University of Georgia Cooperative Extension pecan specialist Lenny Wells recommends planting crimson clover, or a similar cover crop, in pecan orchards to supply much-needed nitrogen and build up organic matter in the soil.

Whether used in fields where row crops are produced or planted in home gardens, cover crops are most often planted during the fall. They provide nutrients that will benefit the soil profile later. Cover crops may be particularly beneficial in pecan production.

Wells recommends planting crimson clover because it’s simple to distribute between an orchard’s tree rows, where grass typically grows. Growers don’t have to use equipment to cover the clover seeds because it naturally works its way into the grass and that’s cover enough, he said.

The clover grows during the winter months when pecan trees are dormant, blooms in the spring and then seeds out in May and June.

“Building up the soil is very important to preserving the lasting health of your orchard. The longer your trees live, the more nutrients they need over time. Having crimson clover grow in between your trees will help sustain the life of your orchard,” Wells said.

While crimson clover’s impact as a cover crop is significant, Wells believes that vetch will serve the same purpose. Vetch is a winter annual legume that excels in producing nitrogen. It tolerates a wide range of soil pH levels and controls soil erosion.

“A lot of orchards naturally have vetch that gets into the orchard. It’s also a legume like clover, so it’s going to be producing nitrogen as well. Some of the earlier work that’s been studied in Oklahoma shows that when you have a mix of clover and vetch, you’re actually getting a little bit more nitrogen. That’s a good situation as well,” Wells said.

Wells also recommends planting Durana clover as a cover crop. Durana is a white clover variety that is low-growing and produces all season long.

“Whether you’re using crimson clover or Durana clover, both of them are going to give you somewhere between 50 and 100 pounds of additional nitrogen over the course of a year. Something like that is what I would count on,” Wells said. “You would still need a spring application of nitrogen. Most of the nitrogen that you get from the clover crop is going to be available later in the season and more slowly released. But I will say the longer that clover is out there, the more that organic matter is built up and more nitrogen is released.”

Nitrogen is one of 16 essential plant nutrients. It is key to the growth of a plant and is responsible for the plant’s color. Glen Harris, UGA Extension soils and fertility specialist, encourages pecan growers to take soil samples during the winter in order to have a better understanding of their trees’ nutrient needs.

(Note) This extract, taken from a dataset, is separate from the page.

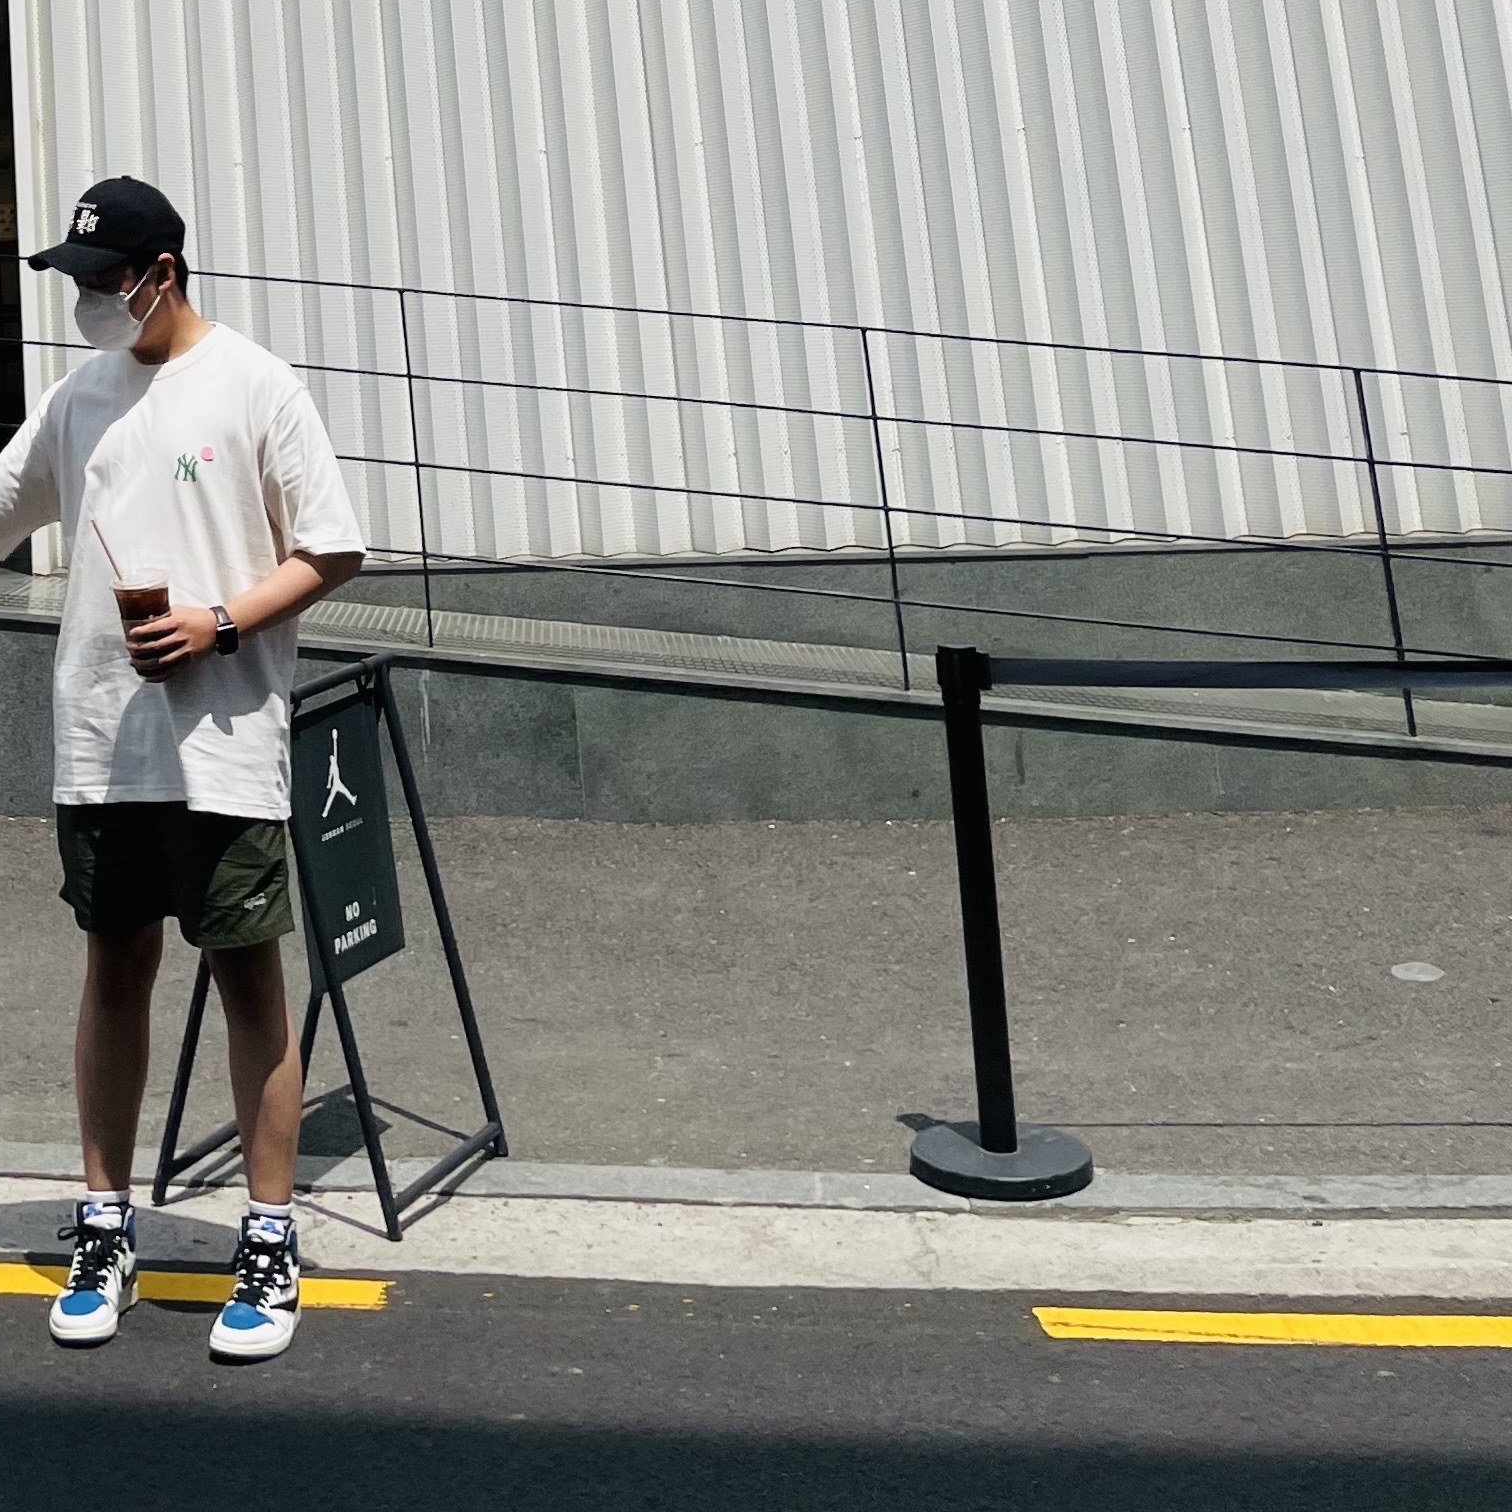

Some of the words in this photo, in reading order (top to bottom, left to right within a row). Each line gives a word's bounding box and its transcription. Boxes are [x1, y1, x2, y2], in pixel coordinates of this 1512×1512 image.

[174, 452, 198, 482] NY
[345, 901, 360, 921] NO
[334, 918, 377, 955] PARKING

Pecans are a thriving industry in Georgia. According to the UGA Center for Agribusiness and Economic Development, Georgia’s pecan crop netted $361.3 million in farm gate value in 2015.

(Clint Thompson is a news editor with the University of Georgia College of Agricultural and Environmental Sciences based in Tifton.)

Crimson clover
Crimson clover

Crimson clover and rye grow together to form a cover crop in a research plot on the University of Georgia Mountain Research and Education Center in Blairsville, Georgia.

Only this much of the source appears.